Nasihat Kakak
Bagian 33 dari “Eternity”
“Gue boleh masuk?” tanya Chanhee dari balik pintu kamar Sunwoo sekitar setengah jam berselang. Gumaman yang terdengar dari dalam kamar membuat Chanhee membuka pintunya.
“Itu pecahan kacanya dibersihin dulu, nanti lo bisa luka-luka,” kata Chanhee saat melihat pecahan kaca berserakan di lantai kamar itu.

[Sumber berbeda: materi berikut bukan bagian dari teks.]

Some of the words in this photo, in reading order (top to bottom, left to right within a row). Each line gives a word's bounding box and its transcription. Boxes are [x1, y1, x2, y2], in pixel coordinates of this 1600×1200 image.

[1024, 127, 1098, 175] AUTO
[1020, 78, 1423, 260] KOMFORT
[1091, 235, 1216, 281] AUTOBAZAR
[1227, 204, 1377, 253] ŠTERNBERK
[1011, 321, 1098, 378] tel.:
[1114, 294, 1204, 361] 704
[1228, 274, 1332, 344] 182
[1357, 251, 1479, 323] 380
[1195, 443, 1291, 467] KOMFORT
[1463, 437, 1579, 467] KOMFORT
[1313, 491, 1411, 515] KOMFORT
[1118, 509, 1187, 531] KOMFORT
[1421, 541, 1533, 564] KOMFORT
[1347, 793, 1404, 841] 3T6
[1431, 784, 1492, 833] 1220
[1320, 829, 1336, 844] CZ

“Nanti juga sembuh sendiri lukanya.”
“Sunwoo … yuk ah jangan childish gini. Bangun dulu, bersihin dulu.” Chanhee menarik Sunwoo turun dari ranjang. Yang ditarik menggerutu, namun menuruti keinginan yang lebih tua.

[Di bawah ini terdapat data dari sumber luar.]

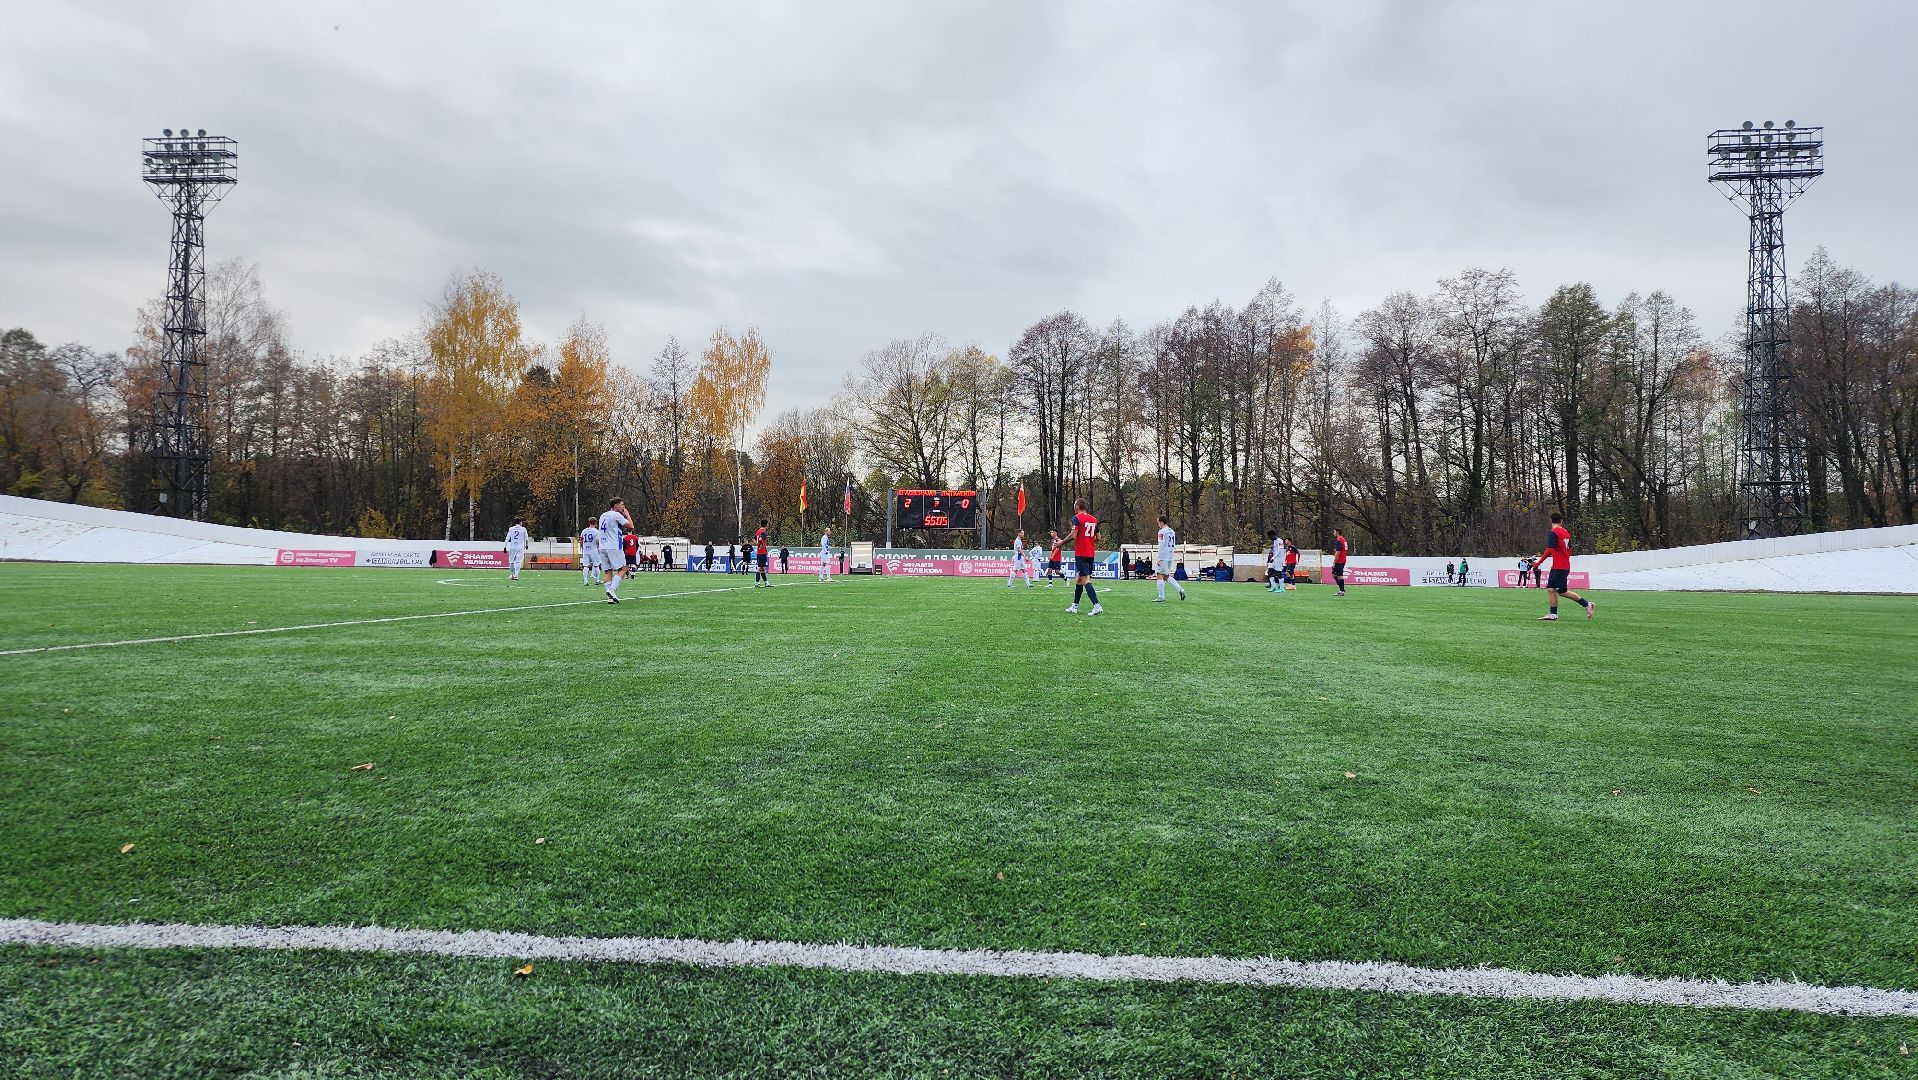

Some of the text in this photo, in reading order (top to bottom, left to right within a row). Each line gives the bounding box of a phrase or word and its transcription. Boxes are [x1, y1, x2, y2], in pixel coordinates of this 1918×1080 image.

[904, 498, 912, 508] 2
[961, 498, 970, 509] 0
[600, 519, 607, 533] 4
[1084, 521, 1096, 537] 27
[513, 530, 520, 540] 2
[583, 533, 594, 543] 19
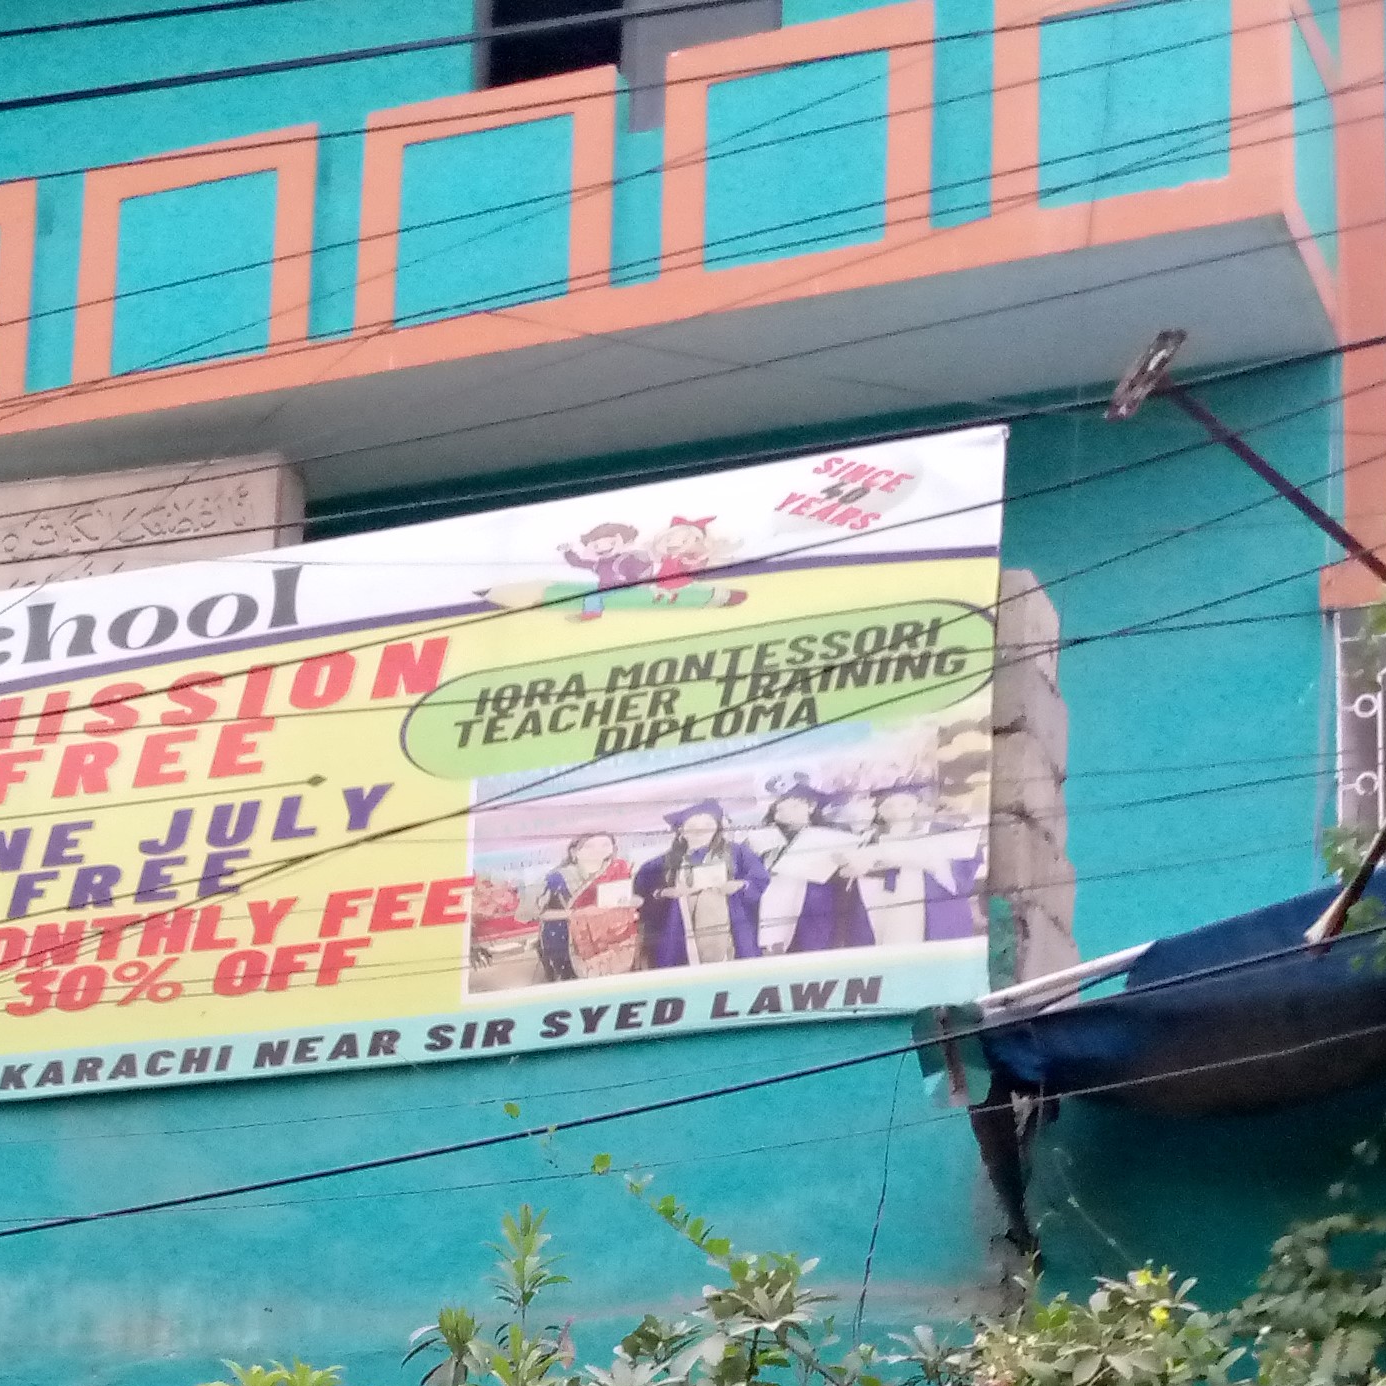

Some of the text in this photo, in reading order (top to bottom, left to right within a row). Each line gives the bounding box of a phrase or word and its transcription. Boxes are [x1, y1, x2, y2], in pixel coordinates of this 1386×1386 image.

[813, 457, 915, 493] SINCE
[774, 492, 881, 530] YEARS
[454, 645, 969, 749] TEACHER TRAINING
[474, 616, 944, 717] IQRA MONTESSORI
[593, 697, 818, 760] DIPLOMA
[138, 783, 395, 855] JULY
[7, 849, 250, 920] FREE
[318, 876, 476, 940] FEE
[5, 937, 371, 1017] 30% OFF
[254, 1030, 401, 1067] NEAR
[424, 1016, 514, 1051] SIR
[539, 997, 686, 1040] SYED
[710, 976, 882, 1018] LAWN

“Coba sekarang cerita sama gue kenapa tadi lo bisa semarah itu sama Haknyeon.” Chanhee berkata dengan nada menenangkan saat mereka berdua duduk di meja pantry, dengan secangkir kopi di hadapan masing-masing, setelah membersihkan pecahan kaca di kamar Sunwoo. Sunwoo terdiam dan Chanhee tidak mendesaknya.
“Lo ngebersihin semua pecahan kacanya sendiri, Kak?”
Mengalihkan pembicaraan. Tipikal Sunwoo banget, pikir Chanhee.
“Cuma lantai ini sama lantai dua. Gue belom liat basement sama lantai tiga. Nggak sanggup gue malem-malem harus beres-beres semua lantai.”
“Besok gue bersihin semuanya.”
“Hm.”
“Terus tetangga-tetangga gimana, Kak? Gue denger tadi banyak yang dateng.”
“Gue modifikasi ingatan mereka, bilang bahwa kita memang lagi renovasi rumah, makanya semua kaca lagi dilepas, terus kita ada yang nggak sengaja malah mecahin kacanya. Tapi besok kita bener-bener harus manggil tukang kaca, Sun. Kita bukan Harry Potter, kita nggak bisa pake mantra Reparo. Bahkan kalo nggak salah Harry Potter juga nggak bisa pake mantra itu, ‘kan? Yang pake biasanya Hermione, 'kan?”
Sunwoo mendengus dengan geli. “Nggak tau, Kak. Gue nggak nonton atau baca Harry Potter. Besok gue yang bakal pesen kacanya. Tapi kayaknya nggak bisa langsung dateng kali ya? Soalnya kita ‘kan pesennya banyak dan ukurannya macem-macem.”
“Iya. Paling harus inden dulu.”
“Hm-mm.”
Mereka menyesap kopi masing-masing dalam diam.
“Jadi … ada apa?”
Sunwoo menghela napas. “You won’t let me off this topic, right?”
Chanhee mengangguk. “Hanya karena lo nyakitin Haknyeon, padahal gue tau lo madly in love with him.”
“Kak Changmin nganterin Hakkie pulang, ‘kan?”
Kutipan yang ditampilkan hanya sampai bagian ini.